#### Input for this task

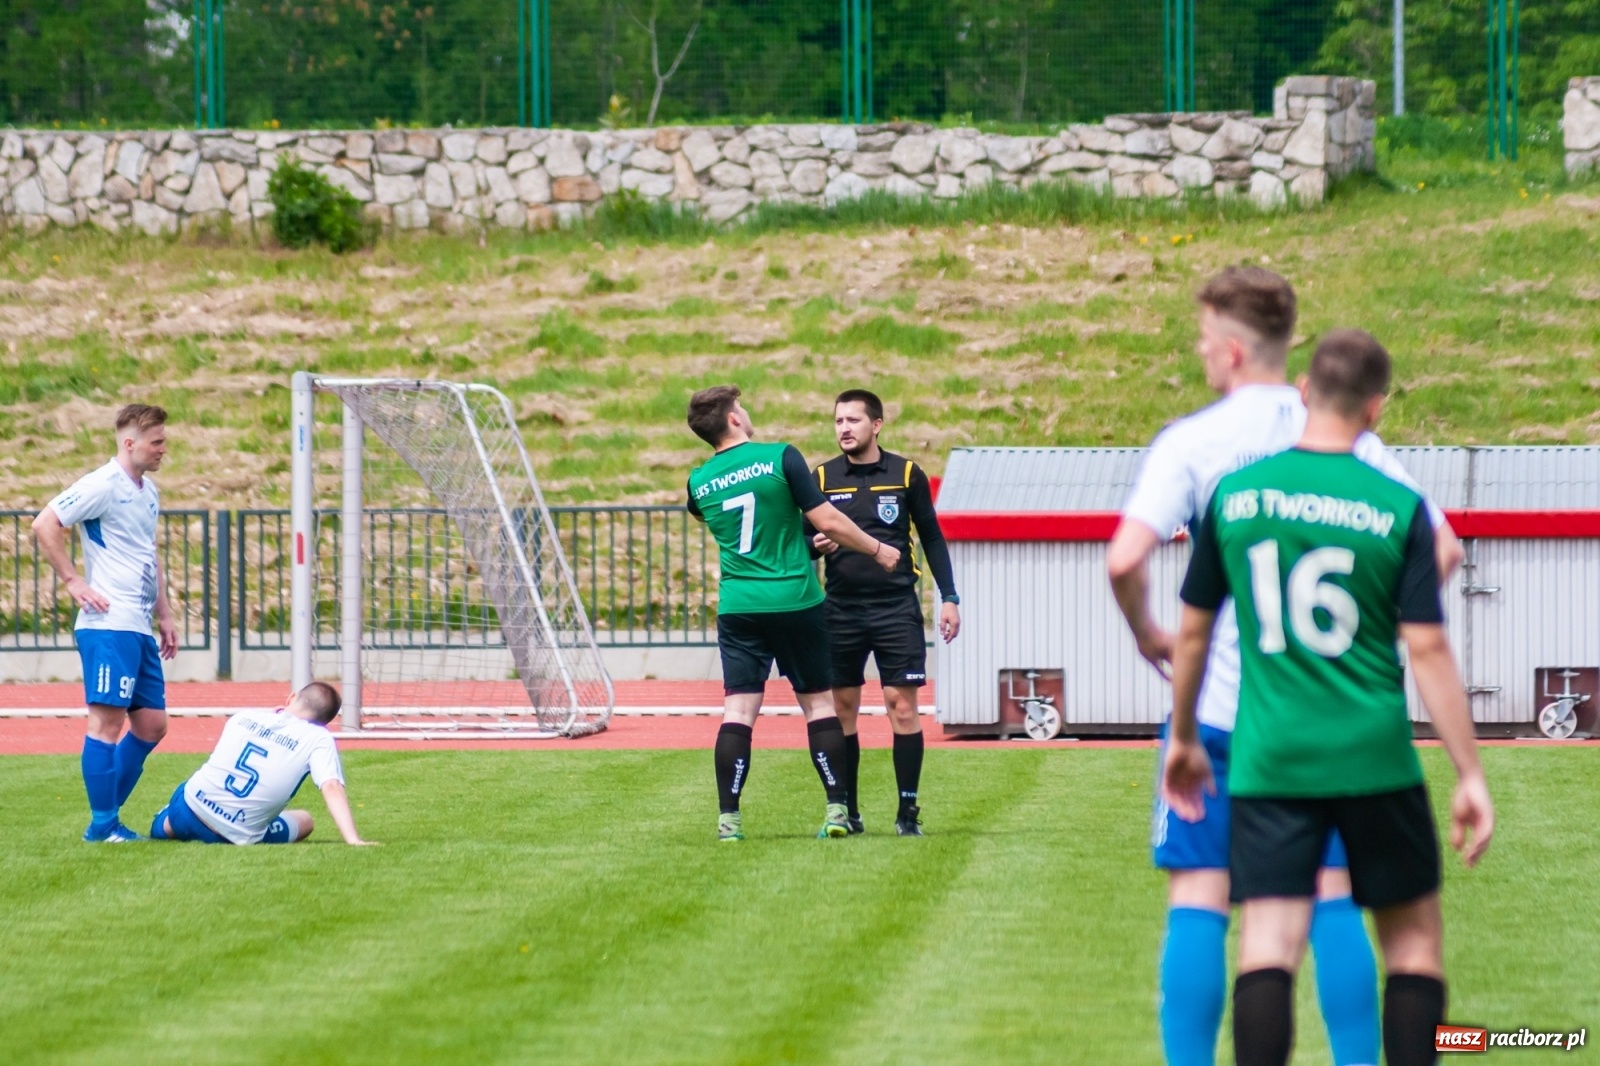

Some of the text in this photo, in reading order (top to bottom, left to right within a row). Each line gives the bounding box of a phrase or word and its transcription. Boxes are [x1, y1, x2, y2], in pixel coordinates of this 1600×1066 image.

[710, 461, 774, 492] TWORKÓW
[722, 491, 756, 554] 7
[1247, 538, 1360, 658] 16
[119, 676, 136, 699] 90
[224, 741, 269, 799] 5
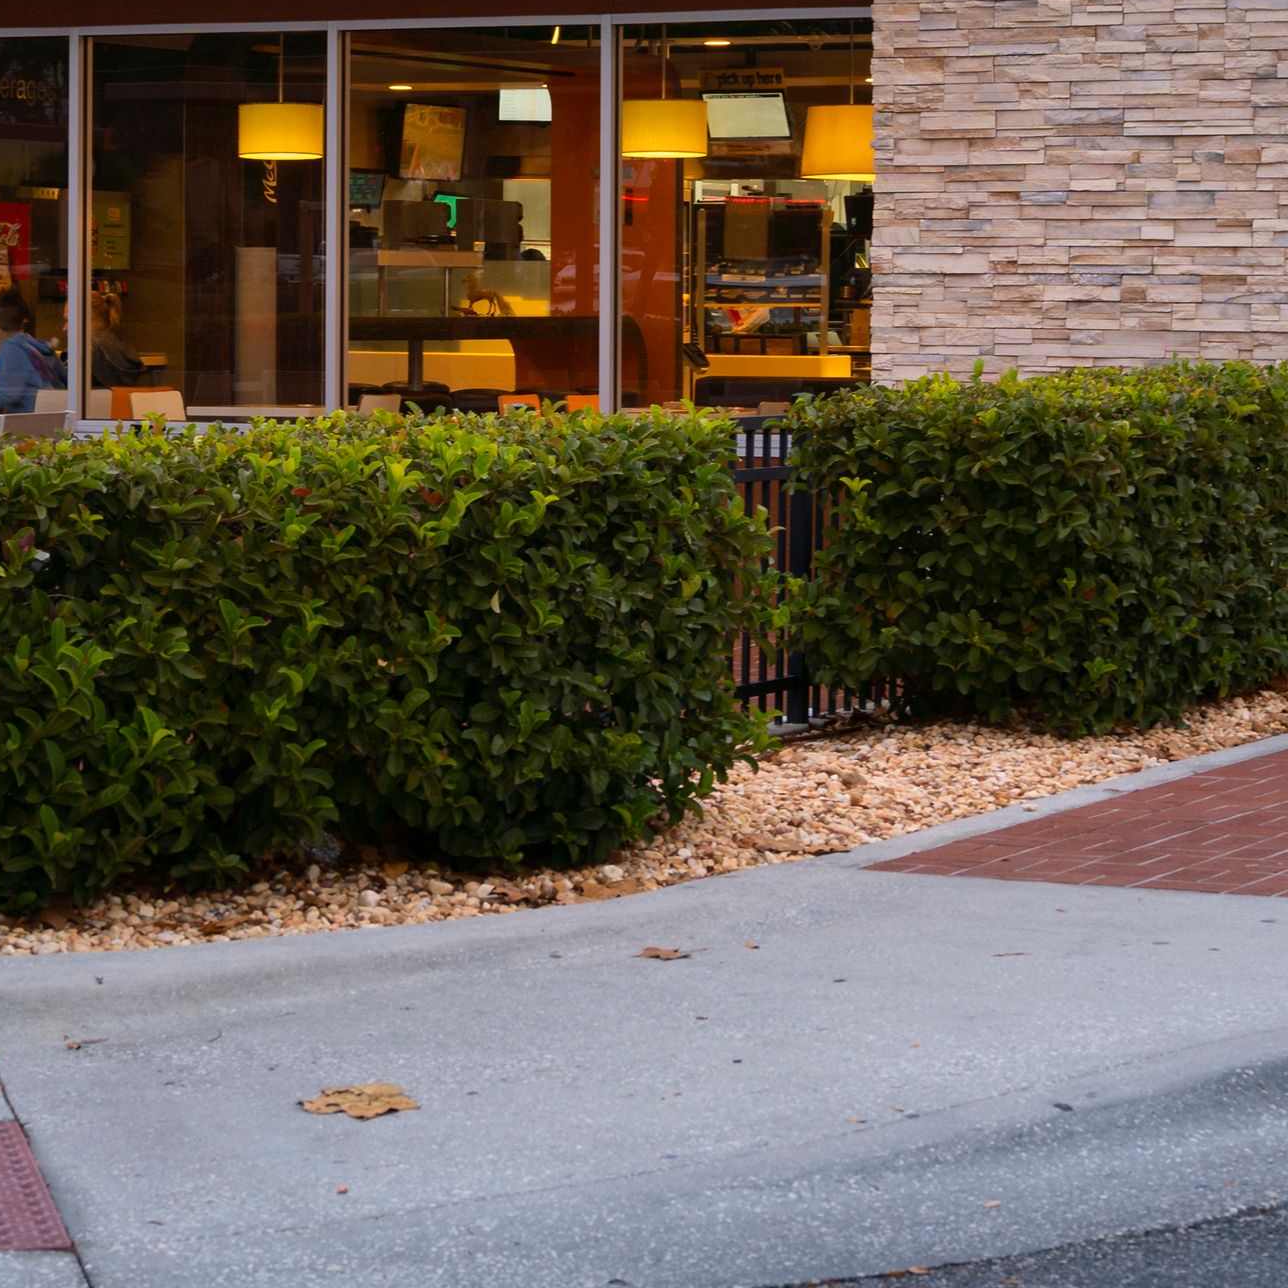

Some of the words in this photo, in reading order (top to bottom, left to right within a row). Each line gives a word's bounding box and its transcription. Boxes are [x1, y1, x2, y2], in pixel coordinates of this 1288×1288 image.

########

▶ Work item:
Output all of the records word for word, and keep the pictures out of the copy.

▶ Result below:
Some of the text in this photo, in reading order (top to bottom, left to right within a row). Each line gives the bounding box of a phrase or word and its transcription. Boxes are [x1, y1, x2, y2], in pixel coordinates of this 1600×1066 image.

[710, 461, 774, 492] TWORKÓW
[722, 491, 756, 554] 7
[1247, 538, 1360, 658] 16
[119, 676, 136, 699] 90
[224, 741, 269, 799] 5

Some of the words in this photo, in reading order (top to bottom, left to right within a row). Each line gives a word's bounding box and its transcription. Boxes are [x1, y1, x2, y2], in pixel coordinates of this 1288×1288 image.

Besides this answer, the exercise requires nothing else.